Histologic Diversity of Thymic Epithelial Tumors in Patients with Myasthenia Gravis


  • Emily M. Heldman Indiana University School of Medicine https://orcid.org/0000-0002-4024-0776
  • Hannah O. Davis Indiana University School of Medicine
  • Louis J. Laniak Indiana University School of Medicine
  • Brice S. Wuthrich Indiana University School of Medicine
  • Patrick J. Loehrer Division of Hematology and Oncology, Department of Medicine, Indiana University School of Medicine https://orcid.org/0000-0002-1532-4660
  • Kenneth A. Kesler Division of Cardiothoracic Surgery, Department of Surgery, Indiana University School of Medicine




Background and Objective:
Thymic epithelial tumors (TETs) include thymic carcinomas and thymomas, the latter of which can be further categorized by the World Health Organization (WHO) histologic classification based on the morphology of epithelial cells and the ratio of lymphocyte to epithelial cells. TETs are rare malignancies with an incidence of 0.15 per 100,000 in the United States. While their etiologies remain unknown, these tumors are associated with distinctly high rates of autoimmune disorders and paraneoplastic syndromes. Approximately 30% of patients with thymoma also carry a diagnosis of myasthenia gravis (MG).
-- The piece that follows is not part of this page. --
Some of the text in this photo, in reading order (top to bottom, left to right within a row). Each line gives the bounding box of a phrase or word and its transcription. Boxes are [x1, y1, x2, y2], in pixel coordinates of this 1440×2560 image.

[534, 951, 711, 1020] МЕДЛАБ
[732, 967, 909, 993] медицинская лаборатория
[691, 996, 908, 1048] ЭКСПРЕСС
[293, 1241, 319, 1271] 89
For the present retrospective study, we created a database of patients with TETs and examined prevalence of each histologic subtype in patients with MG.
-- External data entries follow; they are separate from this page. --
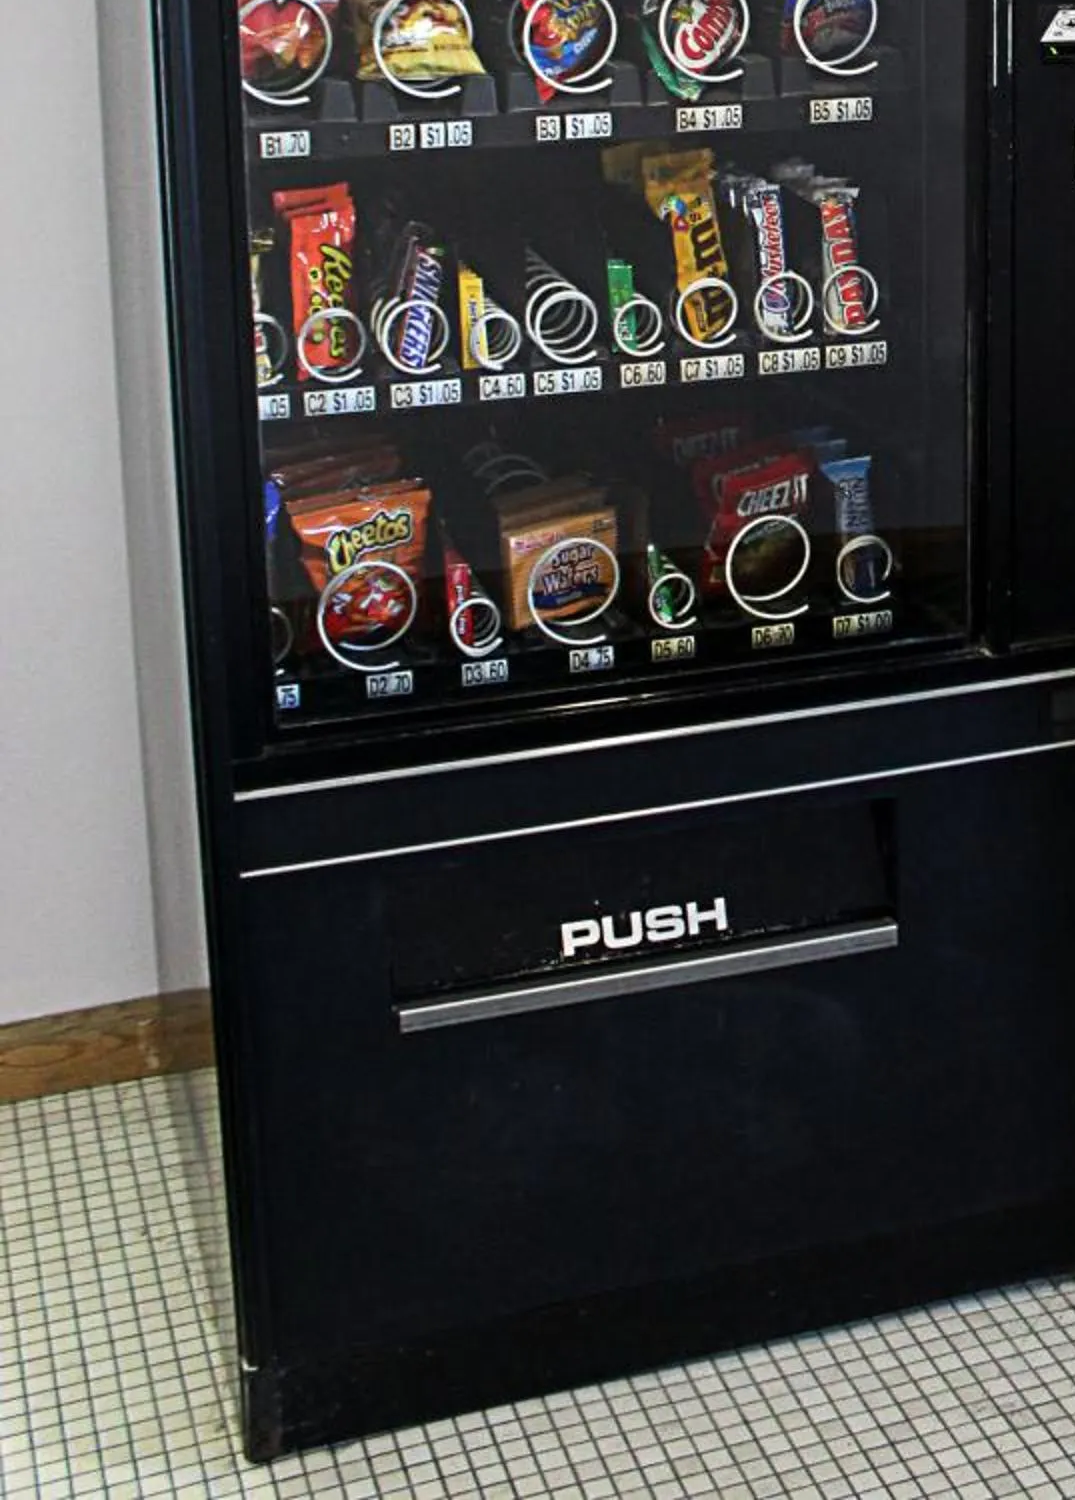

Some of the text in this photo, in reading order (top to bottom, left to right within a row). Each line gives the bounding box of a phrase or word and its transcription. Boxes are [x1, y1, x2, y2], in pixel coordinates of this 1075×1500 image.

[679, 110, 698, 129] B4
[813, 101, 831, 121] B5
[393, 127, 411, 148] B2
[540, 119, 557, 138] B3
[265, 135, 281, 156] B1
[762, 353, 779, 373] C8
[829, 347, 846, 367] C9
[624, 366, 643, 385] C6
[685, 361, 701, 380] C7
[483, 379, 501, 398] C4
[538, 373, 555, 393] C5
[308, 393, 327, 413] C2
[394, 386, 413, 406] C3
[329, 511, 408, 574] Cheetos
[755, 629, 773, 647] D6
[655, 641, 672, 659] D5
[466, 665, 484, 684] D3
[369, 677, 388, 697] D2
[561, 897, 728, 957] PUSH
Drs. Patrick Loehrer, Kenneth Kesler, and colleagues have collaborated at the Indiana University Simon Comprehensive Cancer Center to care for over 1000 patients with TETs. The electronic health records of these patients were accessed via Cerner and used to input demographic, diagnostic, and histologic data into a REDCap database. These tumors were further categorized by WHO classification, and those comprising multiple histologic types were included separately in each subgroup.
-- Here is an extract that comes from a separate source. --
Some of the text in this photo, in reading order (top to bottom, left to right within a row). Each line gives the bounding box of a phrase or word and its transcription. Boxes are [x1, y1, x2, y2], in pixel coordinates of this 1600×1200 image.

Of 626 patients deemed to have sufficient documented histologic and diagnostic data, 110 had both MG and a TET diagnosis confirmed by pathology report. The greatest prevalence of WHO histologic type in patients with thymoma and MG was Type B2 (47), followed by Type B3 (34), Type B1 (22), Type A (9), Type AB (7), and unspecified thymoma (7). Notably, only 3 of 159 (1.87%) total patients with thymic carcinoma had comorbid MG in contrast to 107 of 467 (22.91%) patients with thymoma and MG; this suggests a uniquely favorable microenvironment of thymoma in patients with MG.

Clinical Impact and Implications:
Future work will aim to determine whether histologic classification has a predictive value for tumor prognosis in patients with and without MG. Furthermore, patterns of gene expression associated with thymoma in patients with and without MG may elucidate the etiologic mechanisms for the development of this autoimmune disorder.